## Goals
 - Take the merged predictions and evaluate the prediction accuracy using the 2 different approaches
 1. Look at the anaphora tags and then cross-reference co-reference labels
 2. Use the co-reference chains directly

In [2]:
import dill
from FindFiles import find_files
from Settings import Settings
from CoRefHelper import EMPTY
from collections import defaultdict
from BrattEssay import ANAPHORA

DATASET = "CoralBleaching" # CoralBleaching | SkinCancer
PARTITION = "Training" # Training | Test

settings = Settings()
root_folder = settings.data_directory + DATASET + "/Thesis_Dataset/"
merged_predictions_folder = root_folder + "CoReference/"

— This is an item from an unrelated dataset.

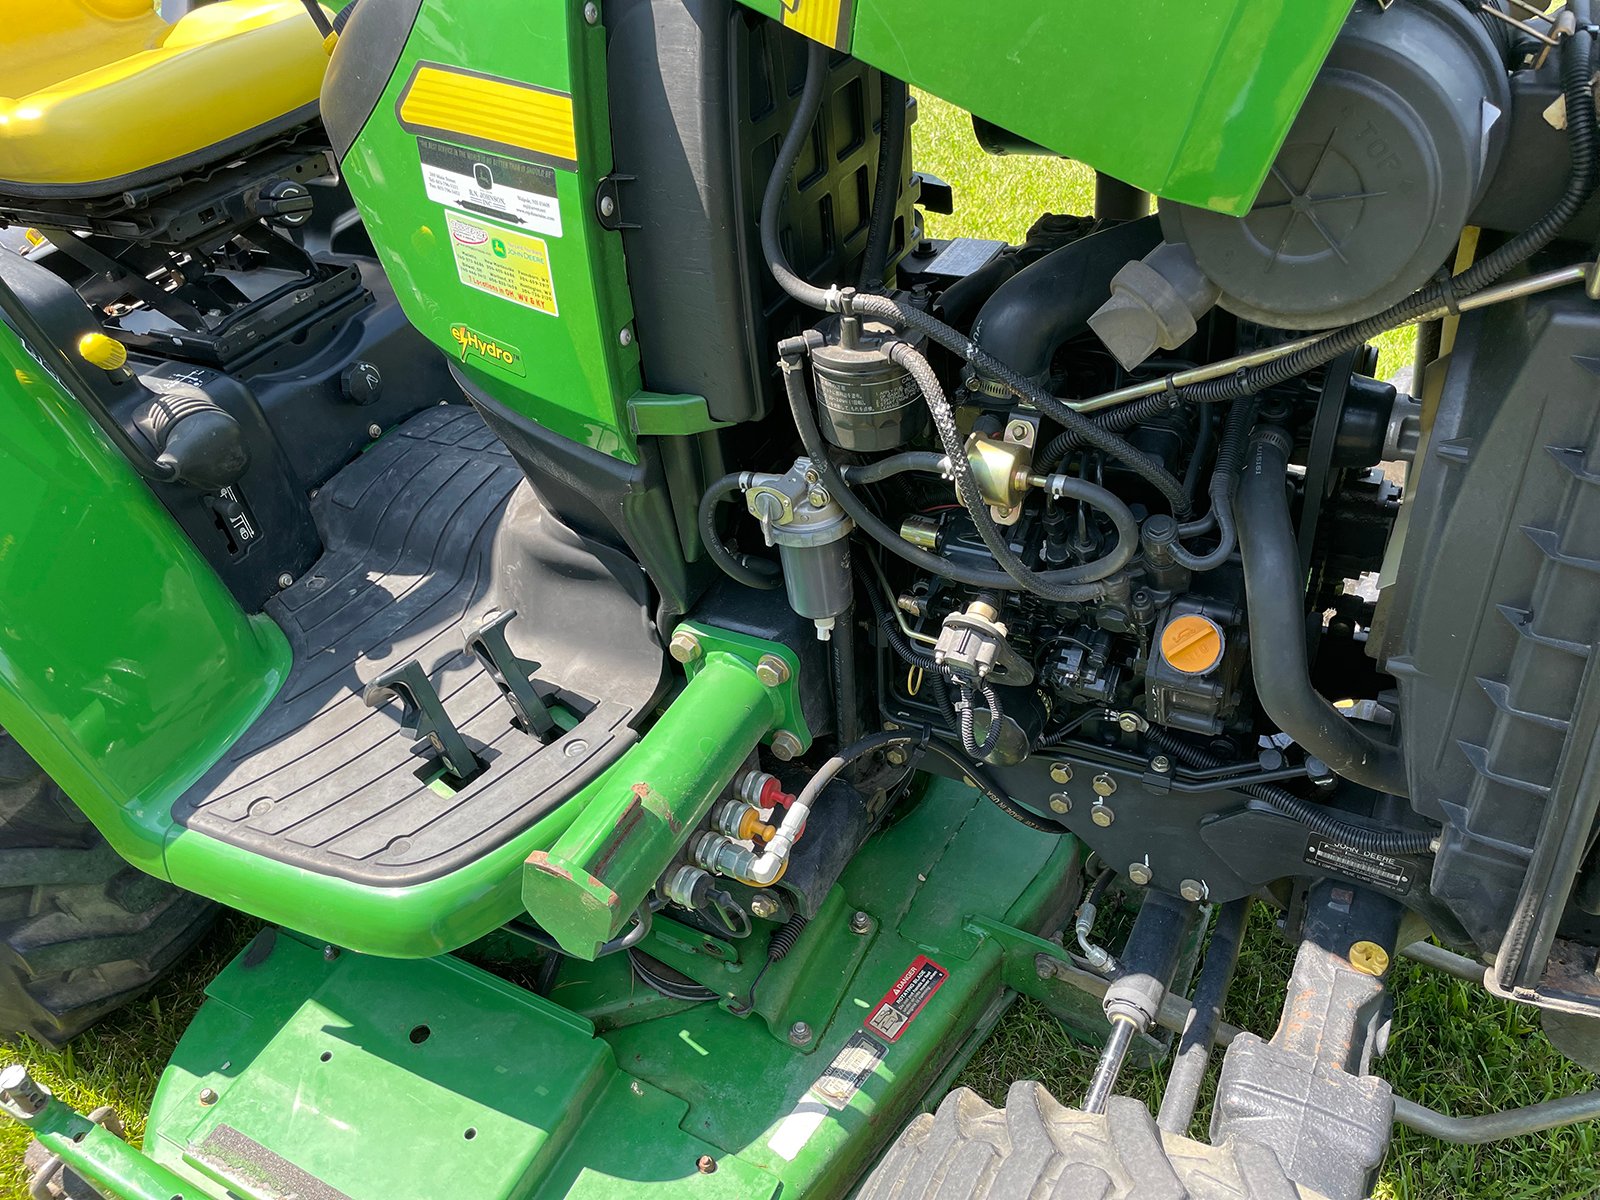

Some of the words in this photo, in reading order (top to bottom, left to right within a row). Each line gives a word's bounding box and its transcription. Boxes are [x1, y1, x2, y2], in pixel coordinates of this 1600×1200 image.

Results Dir: /Users/simon.hughes/Google Drive/Phd/Results/
Data Dir:    /Users/simon.hughes/Google Drive/Phd/Data/
Root Dir:    /Users/simon.hughes/GitHub/NlpResearch/
Public Data: /Users/simon.hughes/GitHub/NlpResearch/Data/PublicDatasets/


In [3]:
essay_files = find_files(merged_predictions_folder)
if PARTITION == "Training":
    essay_files = [e for e in essay_files if "train" in e]
assert len(essay_files) == 1
with open(essay_files[0], "rb") as f:
    essays = dill.load(f)
len(essays)

902

In [4]:
essay_files

['/Users/simon.hughes/Google Drive/Phd/Data/CoralBleaching/Thesis_Dataset/CoReference/training_processed.dill']

### Validate the Lengths

In [5]:
for e in essays:    
    # map coref ids to sent_ix, wd_ix tuples
    # now look for ana tags that are also corefs, and cross reference
    for sent_ix in range(len(e.sentences)):
        sent     = e.sentences[sent_ix]
        ana_tags = e.ana_tagged_sentences[sent_ix]
        coref_ids= e.pred_corefids[sent_ix]
        ner_tags = e.pred_ner_tags_sentences[sent_ix]
        pos_tags = e.pred_pos_tags_sentences[sent_ix]
        ptags    = e.pred_tagged_sentences[sent_ix]
        
        assert len(sent) == len(coref_ids)
                
        assert len(sent) == len(ana_tags) == len(coref_ids) == len(ner_tags) == len(pos_tags) == len(ptags),\
            (len(sent), len(ana_tags), len(coref_ids), len(ner_tags), len(pos_tags), len(ptags), e.name, sent_ix)
        assert len(sent) > 0

## Look at the Anaphor Tags

In [117]:
from results_procesor import is_a_regular_code

cc_tally = defaultdict(int)
cr_tally = defaultdict(int)
reg_tally = defaultdict(int)
for e in essays:
    for sent in e.sentences:
        for wd, tags in sent:
            for t in tags:
                if is_a_regular_code(t):
                    reg_tally[t] += 1
                if ANAPHORA in t and "other" not in t:
                    if "->" in t:
                        cr_tally[t] += 1
                    elif "Anaphor:[" in t:
                        cc_tally[t] += 1
sorted(cc_tally.items())

[('Anaphor:[11]', 6),
 ('Anaphor:[12]', 11),
 ('Anaphor:[13]', 31),
 ('Anaphor:[14]', 28),
 ('Anaphor:[1]', 68),
 ('Anaphor:[2]', 9),
 ('Anaphor:[3]', 39),
 ('Anaphor:[4]', 13),
 ('Anaphor:[50]', 44),
 ('Anaphor:[5]', 15),
 ('Anaphor:[5b]', 7),
 ('Anaphor:[6]', 18),
 ('Anaphor:[7]', 55)]

In [11]:
def build_chain(e):
    corefid_2_chain = defaultdict(list)
    for sent_ix in range(len(e.sentences)):
        sent     = e.sentences[sent_ix]
        coref_ids= e.pred_corefids[sent_ix]
        for wd_ix in range(len(sent)):
            wd_coref_ids = coref_ids[wd_ix] # Set[str]
            for cr_id in wd_coref_ids:
                pair = (sent_ix, wd_ix)
                corefid_2_chain[cr_id].append(pair)
    return corefid_2_chain

In [107]:
from processessays import Essay

def get_ana_tagged_essays(essays, format_ana_tags=True):
    ana_tagged_essays = []
    for eix, e in enumerate(essays):

        ana_tagged_e = Essay(e.name, e.sentences)
        ana_tagged_e.pred_tagged_sentences = []
        ana_tagged_essays.append(ana_tagged_e)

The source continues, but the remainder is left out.